THE PROBLEM
Your job is to transcribe all the records that follow, excluding any pictures.
=== Begin Enclosure ===
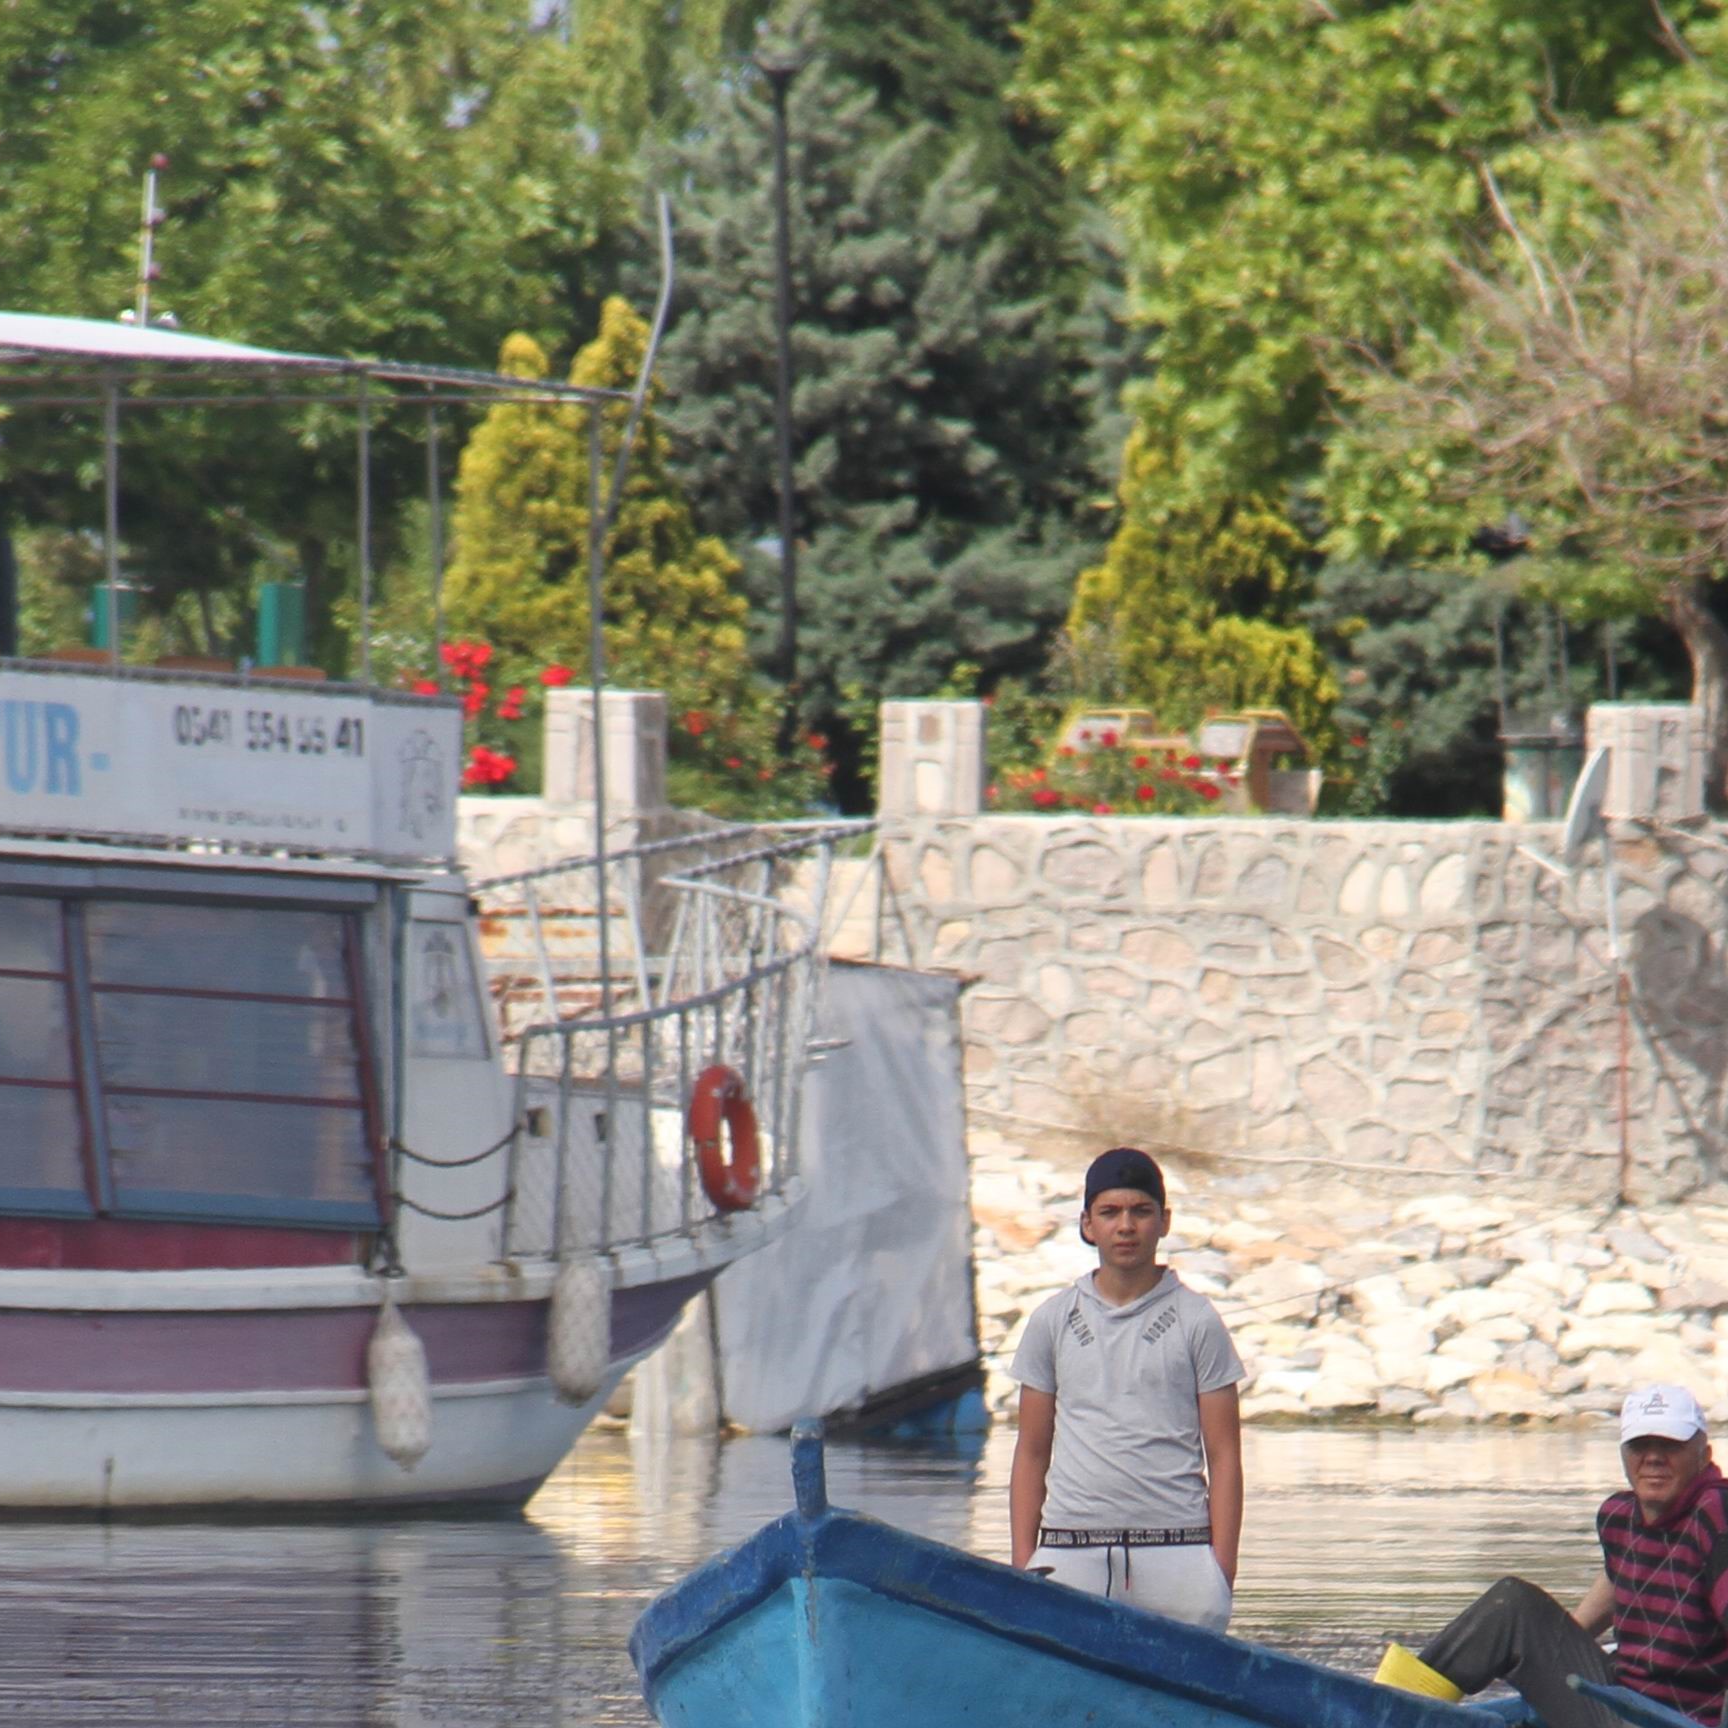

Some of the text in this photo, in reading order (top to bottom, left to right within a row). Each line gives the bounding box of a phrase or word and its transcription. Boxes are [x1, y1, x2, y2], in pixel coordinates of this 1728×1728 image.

[336, 717, 364, 757] 41
[1068, 1308, 1095, 1348] BELONG
[1141, 1304, 1177, 1346] NOBODY
[1075, 1530, 1087, 1544] TO
[1129, 1529, 1166, 1543] BELONG
[1169, 1529, 1182, 1543] TO
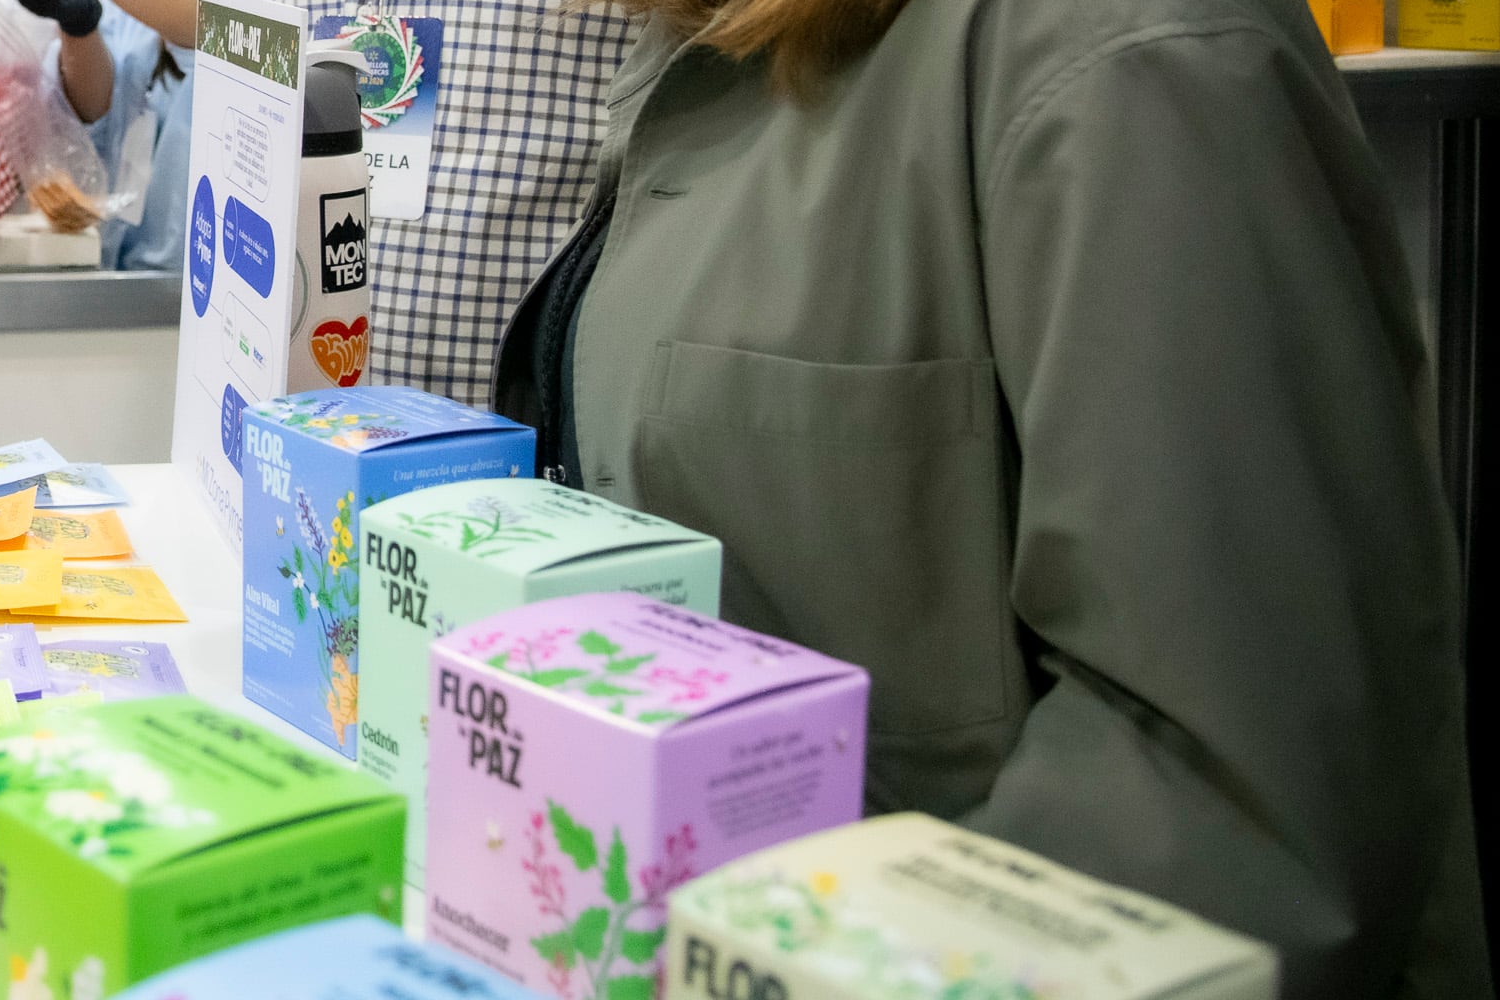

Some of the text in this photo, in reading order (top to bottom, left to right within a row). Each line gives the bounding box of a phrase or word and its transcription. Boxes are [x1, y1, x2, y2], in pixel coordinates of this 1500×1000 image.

[228, 18, 244, 57] FLOR
[248, 25, 261, 63] PAZ
[389, 154, 410, 169] LA
[325, 238, 365, 266] MON
[330, 261, 364, 286] TEC
[246, 423, 284, 468] FLOR
[262, 462, 291, 504] PAZ
[416, 463, 448, 479] mezcla
[451, 464, 468, 478] que
[367, 531, 417, 585] FLOR
[388, 580, 427, 629] PAZ
[440, 668, 507, 734] FLOR
[362, 721, 399, 757] Cedrón
[469, 729, 521, 789] PAZ
=== End Enclosure ===
EXERCISE OUTPUT
Some of the text in this photo, in reading order (top to bottom, left to right within a row). Each line gives the bounding box of a phrase or word and its transcription. Boxes are [x1, y1, x2, y2], in pixel coordinates of this 1728×1728 image.

[336, 717, 364, 757] 41
[1068, 1308, 1095, 1348] BELONG
[1141, 1304, 1177, 1346] NOBODY
[1075, 1530, 1087, 1544] TO
[1129, 1529, 1166, 1543] BELONG
[1169, 1529, 1182, 1543] TO

Some of the text in this photo, in reading order (top to bottom, left to right within a row). Each line gives the bounding box of a phrase or word and its transcription. Boxes are [x1, y1, x2, y2], in pixel coordinates of this 1500×1000 image.

[228, 18, 244, 57] FLOR
[248, 25, 261, 63] PAZ
[389, 154, 410, 169] LA
[325, 238, 365, 266] MON
[330, 261, 364, 286] TEC
[246, 423, 284, 468] FLOR
[262, 462, 291, 504] PAZ
[416, 463, 448, 479] mezcla
[451, 464, 468, 478] que
[367, 531, 417, 585] FLOR
[388, 580, 427, 629] PAZ
[440, 668, 507, 734] FLOR
[362, 721, 399, 757] Cedrón
[469, 729, 521, 789] PAZ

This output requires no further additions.